Really modern texts
I was about to start by saying that in spite of new technology, print materials in their content and layout have changed astonishingly little in the past 20 years, when this news arrived in my inbox:
The current issue of _National Geographic Traveler_ presents a novel fashion in captioning. The rather long captions of a photographic feature are broken into "paragraphs" indicated, not by indentation or by a line of white space, but by a red paragraph symbol."
OK, not earthshattering, but interesting nonetheless. (From the wonderful CEL-ery.)
But, such rare and minor exceptions apart, "literature" or "art" harnessing the power of the web and its technologies has not even reached the avant-garde stage, let along the Amazon best-seller lists. Yet Hayle, in the book on which I posted yesterday pointed me to an interesting example, Lexia to Perplexia, by Talan Memmott.
It is written in a creole combination of English and computer code, and explores these from the stories of Narcissus, Echo and Minoan funerary myths. But it really is rather fun, I promise. (Although you probably need broadband.)
No, it is really not so "difficult" as it sounds. e.g.
"From out of NO.where, Echo appears in the private space of Narcissus.tmp to form a solipstatic community (of 1, ON) with N.tmp, at the surface. The two machines -- the originating and the simulative -- collapse and collate to form the terminal-I, a Cell.f, or, cell...(f) that processes the self as outside of itself -- in realtime."

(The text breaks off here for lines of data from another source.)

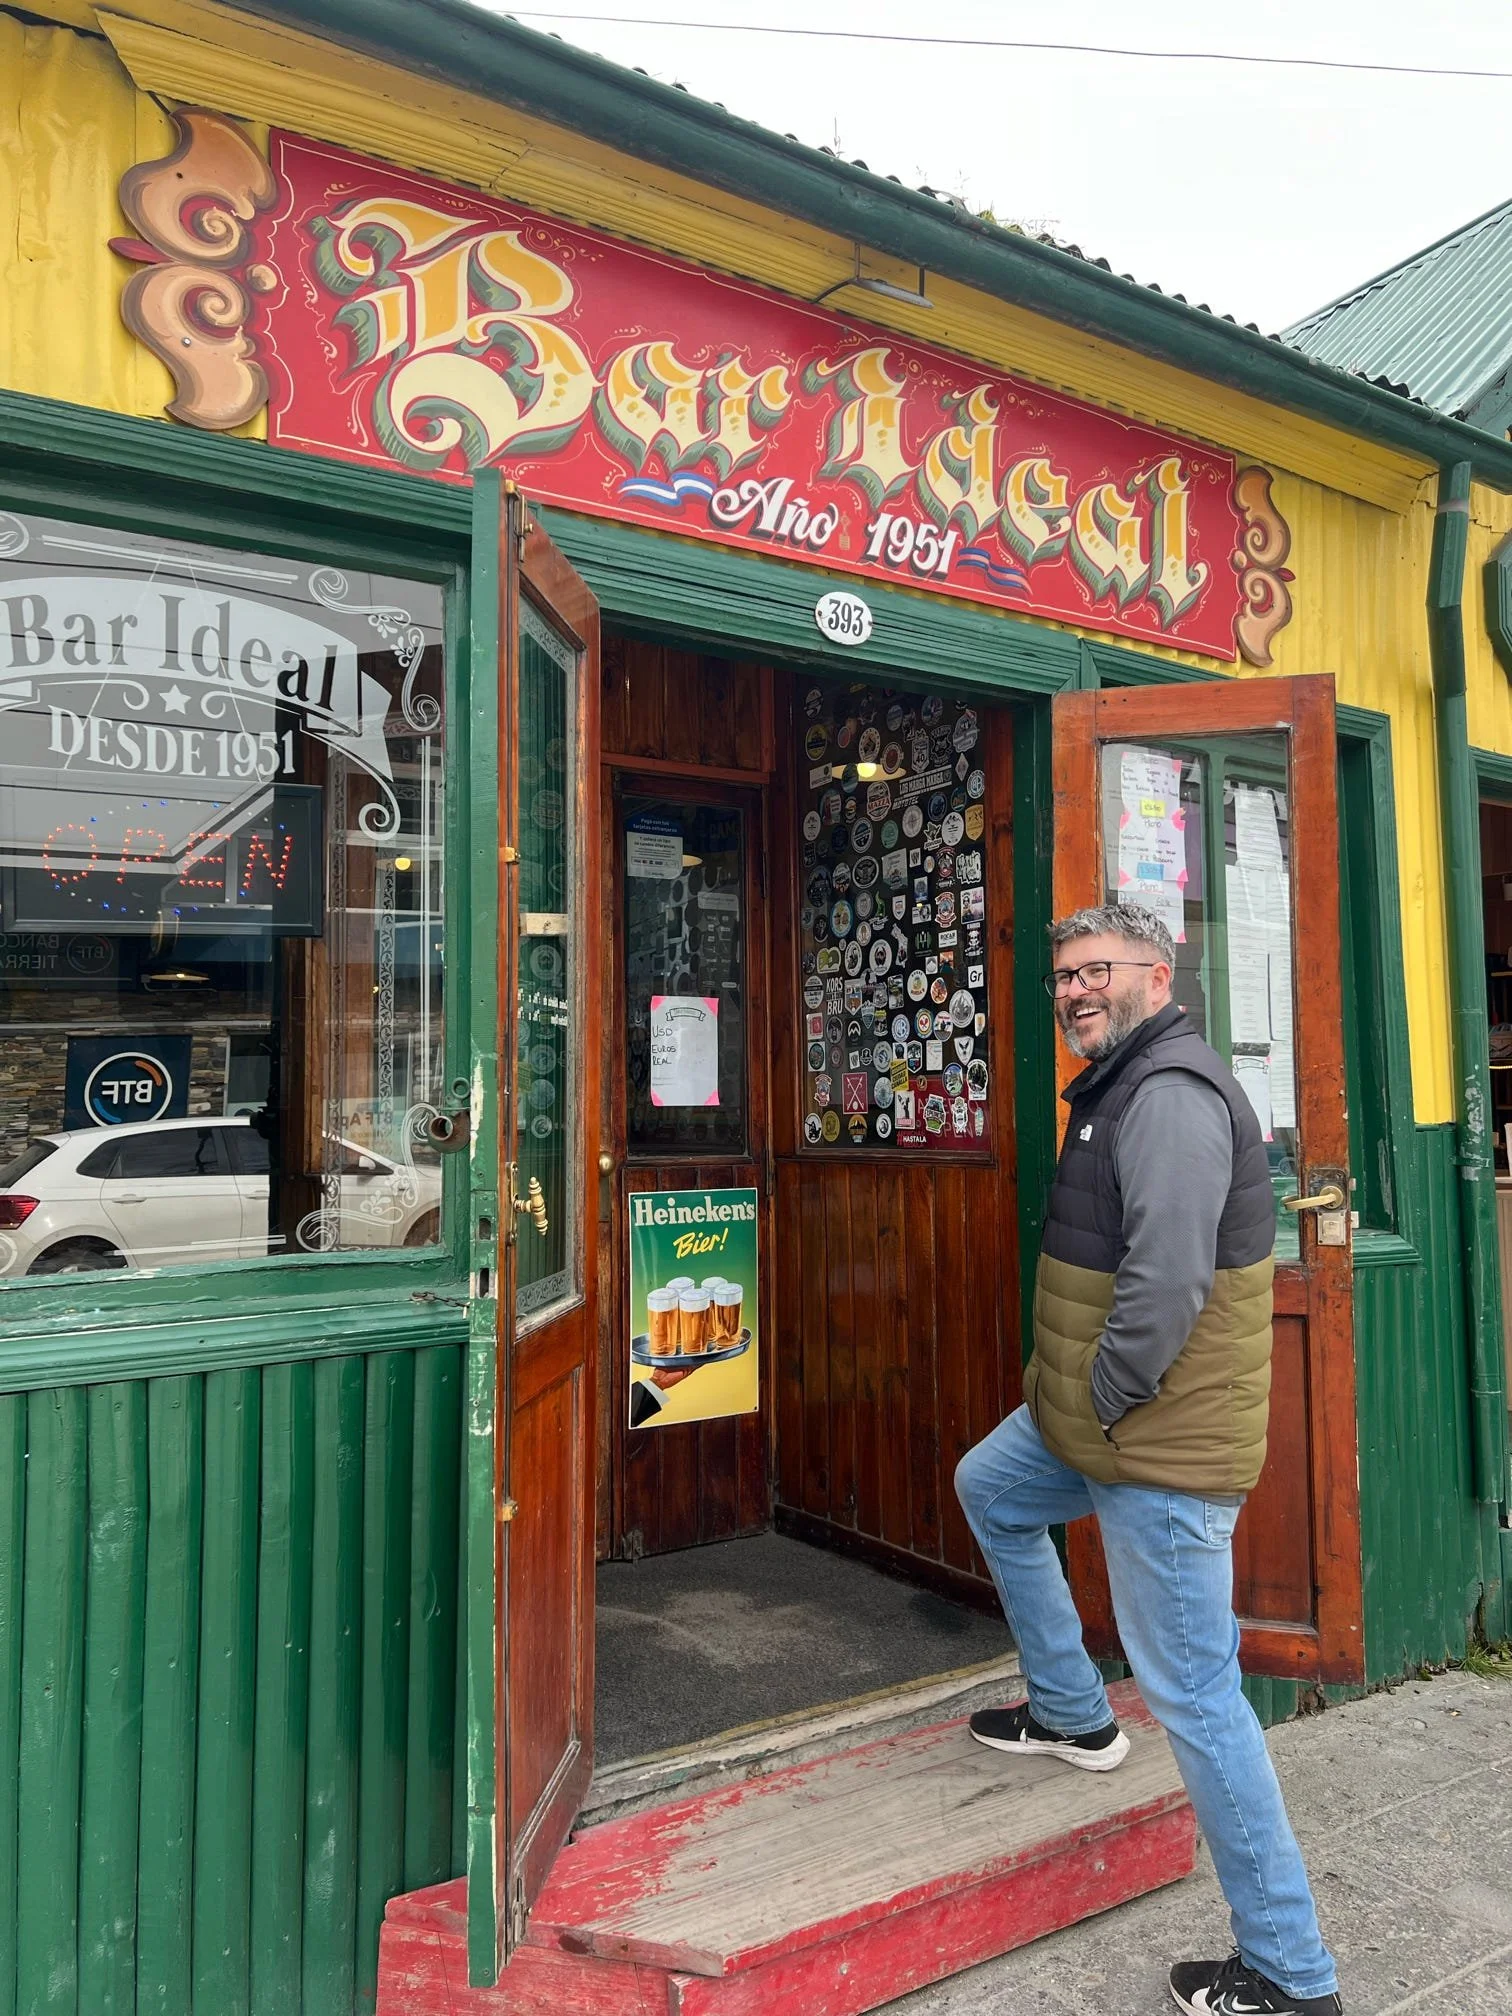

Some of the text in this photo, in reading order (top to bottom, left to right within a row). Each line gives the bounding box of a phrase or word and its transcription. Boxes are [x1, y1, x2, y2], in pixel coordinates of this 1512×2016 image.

[312, 197, 1208, 624] Bar Ideal
[709, 477, 958, 578] Año 1951
[827, 598, 864, 637] 393
[2, 592, 340, 712] Bar Ideal
[48, 704, 297, 778] DESDE 1951
[43, 824, 293, 890] OPEN
[651, 1044, 677, 1054] EUROS
[652, 1025, 674, 1038] USD
[634, 1195, 755, 1227] Heineken's
[672, 1227, 729, 1259] Bier!
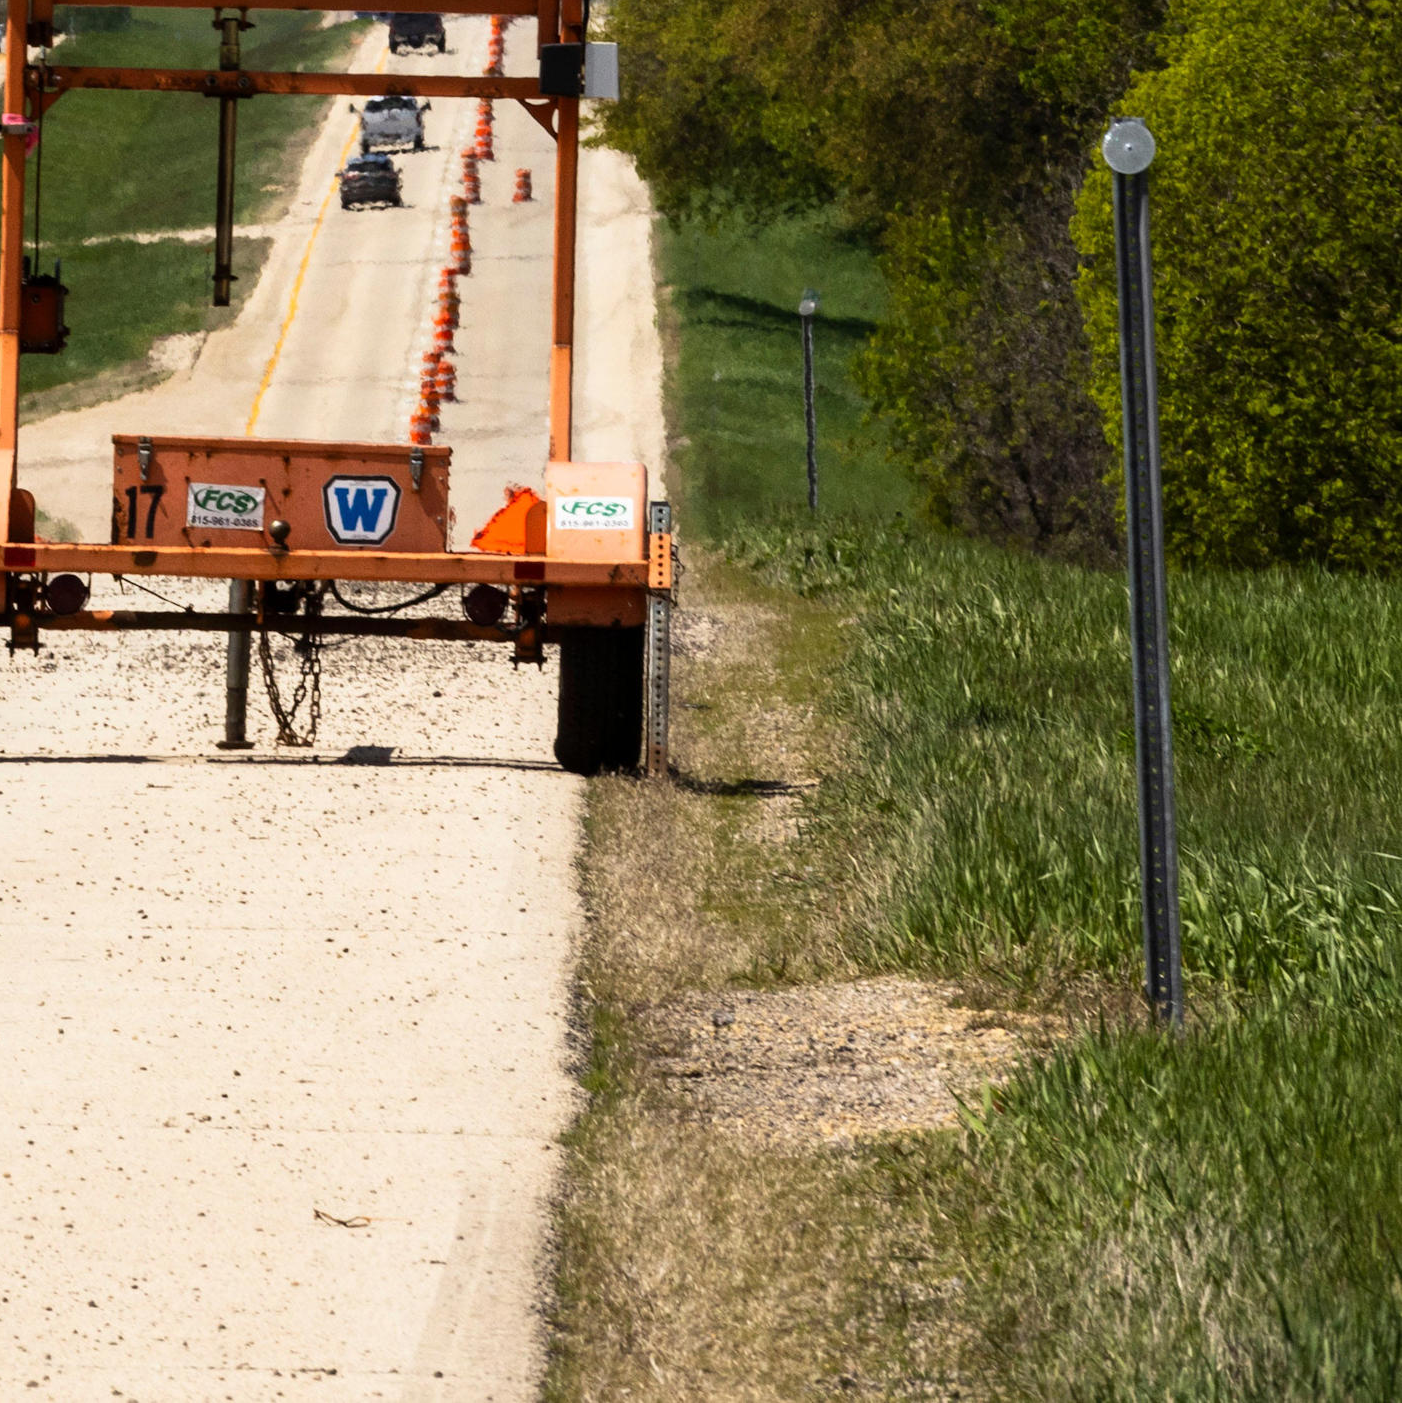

(Hayle helpfull explains that n.tmp is the name usually given to a function that will be replaced by another, "solipstatic" - the state of mental isolation denoted by solipsism is conflated with static; I-Terminal is "I". "Realtime is a phrase programmers use to indicate that the simulated time of computer processes is running, at least temporarily, along the time experienced by humans.")
A lot of it is more graphic, e.g.
face >> to << face
... which then swaps to ...
other << to >> other.
And to prove there can be many different forms of texts, check out the fun Geek-T, "Geek History Through T-shirts". (There must be a paper in that for any historian of the 20th century out there.) Hat-tip to Memepool.